6 Years Later: The Effects of the Mayo Decision on Diagnostic Methods

https://depositphotos.com/51325933/stock-illustration-6-years-of-service-6.html2018 celebrates the six-year anniversary of one of the most important Supreme Court decisions of the modern era. On March 20, 2012, the Court handed down its ruling in Mayo v. Prometheus Laboratories. The decision was understood immediately to be a break from the immediate past, a product of the Court’s intention to clarify patent eligibility for a new era of biotech, pharma, and life science technologies. The Court hoped it would help clarify eligibility issues raised by new technologies that the drafters of Title 35 § 101, 102, and 103 hadn’t envisioned, but it’s done the opposite. Six years after the Mayo decision, eligibility is harder to discern than ever, especially for claims to diagnostic methods.

Section 101

The Mayo ruling was primarily concerned with Section 101 – the basic premise of U.S. patent law. It states: “Whoever invents or discovers any new and useful process, machine, manufacture, or composition of matter, or any new and useful improvement thereof, may obtain a patent therefor, subject to the conditions and requirements of this title.”

The Mayo decision

The plaintiff in the Mayo case was Prometheus Laboratories, a specialty pharmaceutical and diagnostics company that had patented a suite of tests for assessing the correct dosages of certain Crohn’s disease medications.
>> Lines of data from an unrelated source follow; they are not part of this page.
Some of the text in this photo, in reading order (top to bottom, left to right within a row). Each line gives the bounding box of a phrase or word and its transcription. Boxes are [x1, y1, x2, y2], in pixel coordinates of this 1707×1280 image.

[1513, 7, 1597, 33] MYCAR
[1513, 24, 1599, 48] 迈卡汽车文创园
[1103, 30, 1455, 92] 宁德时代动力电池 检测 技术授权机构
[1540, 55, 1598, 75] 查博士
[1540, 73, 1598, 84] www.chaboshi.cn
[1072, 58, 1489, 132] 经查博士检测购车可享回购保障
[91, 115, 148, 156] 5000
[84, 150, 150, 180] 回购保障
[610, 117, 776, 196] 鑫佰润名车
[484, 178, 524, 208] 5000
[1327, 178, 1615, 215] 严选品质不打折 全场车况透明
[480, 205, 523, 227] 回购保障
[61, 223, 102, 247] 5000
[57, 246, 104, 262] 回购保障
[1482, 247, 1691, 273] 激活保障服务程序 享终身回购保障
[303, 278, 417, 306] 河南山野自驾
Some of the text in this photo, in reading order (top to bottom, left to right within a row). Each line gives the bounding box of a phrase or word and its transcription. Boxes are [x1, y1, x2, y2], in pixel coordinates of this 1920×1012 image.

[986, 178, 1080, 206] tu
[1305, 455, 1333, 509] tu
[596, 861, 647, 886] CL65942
When Mayo Clinic developed its own similar tests and began using them, Prometheus sued Mayo for infringement.

The Supreme Court ultimately invalidated Prometheus’ methods patent, saying, “The steps in the claimed processes (apart from the natural laws themselves) involve well-understood, routine, conventional activity.” Importantly, the Court also added that “upholding the patents would risk disproportionately tying up the use of the underlying natural laws, inhibiting their use in the making of further discoveries.”

A split framework

What’s most important about Mayo is that the ruling split the framework for determining patent eligibility into two parts:

  1. The Supreme Court reaffirmed the long-held position that Section 101 has three categories of unstated exceptions: laws of nature, natural phenomena, and abstract ideas. These exceptions are not patentable because they belong to everyone. The Court noted, by way of example, that this means Einstein could not have patented relativity, nor Newton any of his laws.
  2. At the same time, the Supreme Court, also said that if an invention is based on an exception, it still might be patentable as long as it doesn’t restrict others’ use of that exception. The Court warned that judges should carefully examine such claims to avoid “interpreting patent statutes in ways that make patent eligibility “depend simply on the draftsman’s [the attorney’s] art.”
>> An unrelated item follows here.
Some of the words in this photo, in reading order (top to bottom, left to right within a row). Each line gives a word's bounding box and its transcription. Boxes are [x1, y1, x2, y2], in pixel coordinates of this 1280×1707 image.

Directional change from 1981 to 2012

This two-step process represented a significant change, as it refuted a guiding principle established in the 1981 ruling for Diamond v. Diehr. According to the Diehr ruling: “In determining the eligibility of respondents’ claimed process for patent protection under § 101, their claims must be considered as a whole. It is inappropriate to dissect the claims into old and new elements and then to ignore the presence of the old elements in the analysis.”

The Mayo ruling instead asked courts to “dissect” claims into the two-part framework outline above. This is an especially tricky proposition for assessing diagnostic method claims that often involve both laws of nature and genuinely inventive steps and procedures.
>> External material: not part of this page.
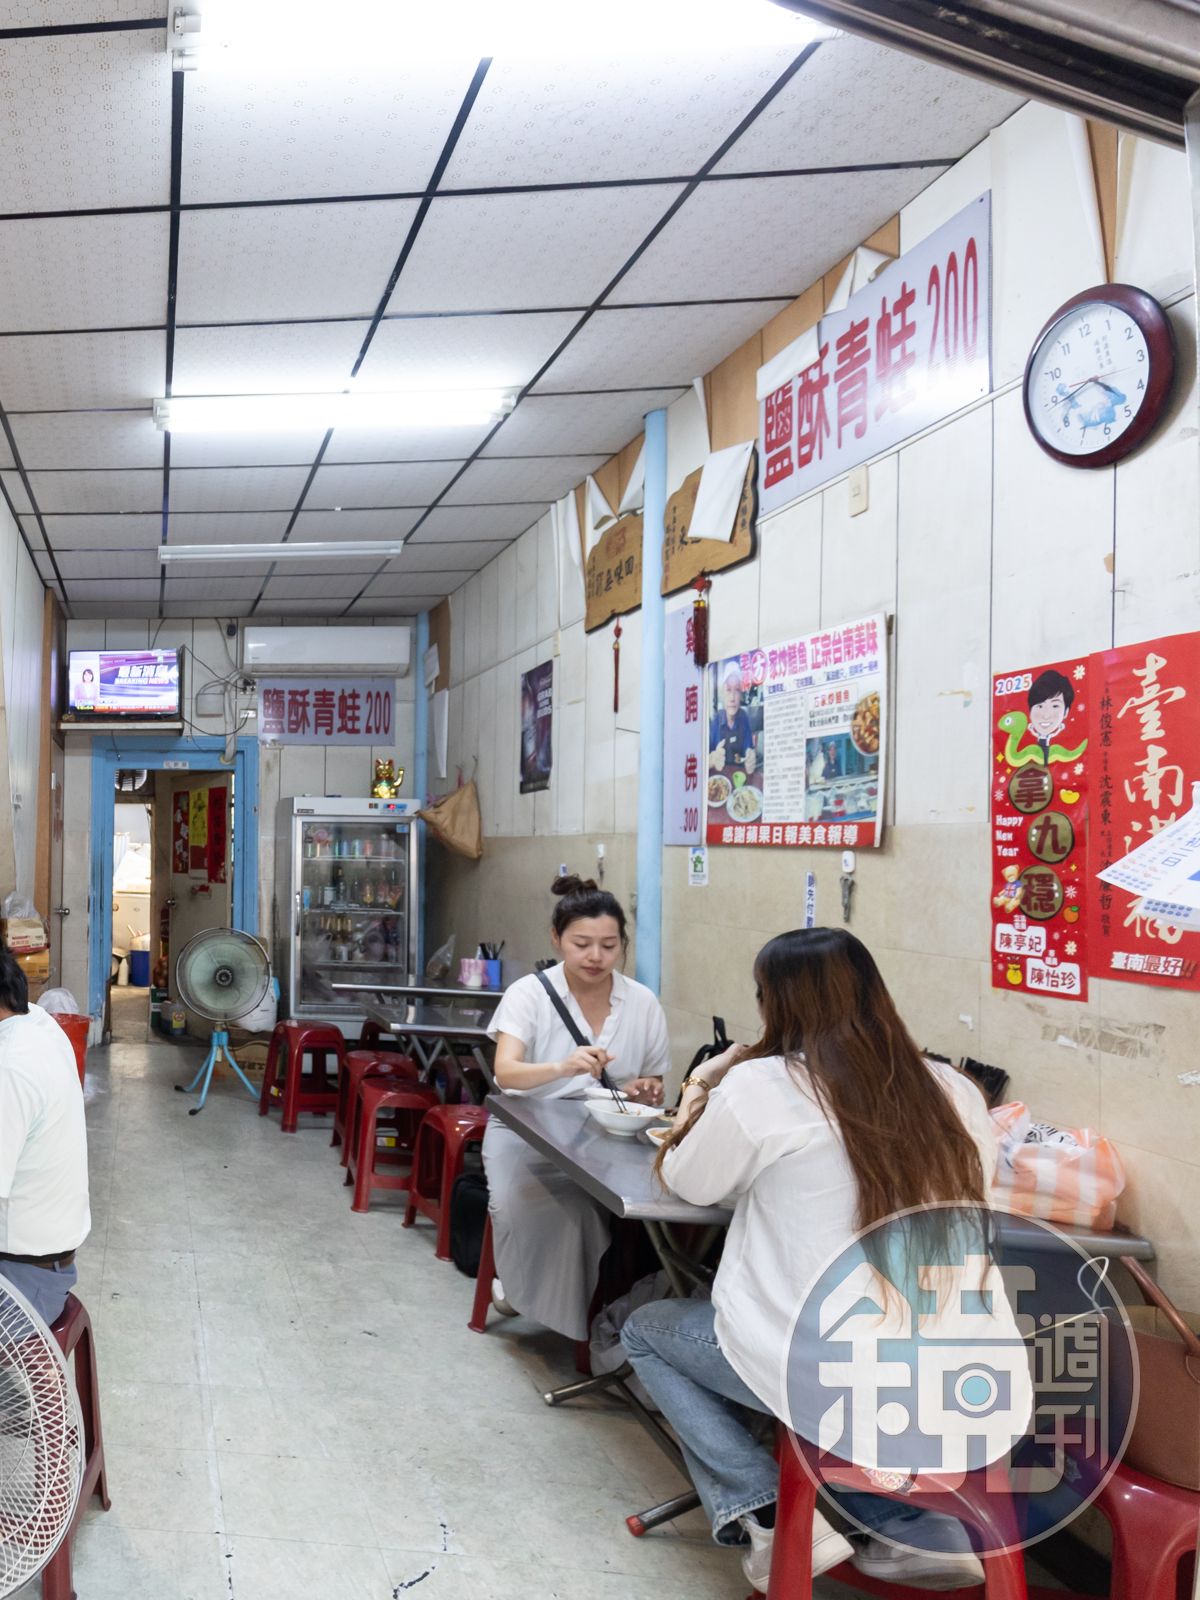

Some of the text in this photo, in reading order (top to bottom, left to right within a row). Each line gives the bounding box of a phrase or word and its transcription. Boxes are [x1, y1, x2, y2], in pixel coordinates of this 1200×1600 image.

In the 6 years since Mayo, the life sciences have been hit hard, with the validity of method patents being frequently – and successfully – challenged. This trend can be attributed to Mayo, not least because its logic led to other similarly disruptive rulings.

Myriad Genetics

The Supreme Court returned to Section 101 in Molecular Pathology v. Myriad Genetics in 2013, about a year after Mayo. This case allowed the Court to attempt to draw a Mayo-based separator between naturally-occurring discoveries and new applications of those discoveries. Here’s what happened:

Myriad Genetics had obtained a set of patents for isolating the BRCA1 and BRCA2 genes and identifying an important mutation that acted as a reliable predictor of women’s risk for breast cancer. Myriad then built diagnostic methods involving synthesized complementary DNA, or “cDNA.” When Myriad claimed others were infringing their patents if they used BRCA1 and BRCA2, a cohort of doctors, patients, and advocacy groups banded together to challenge Myriad’s patents.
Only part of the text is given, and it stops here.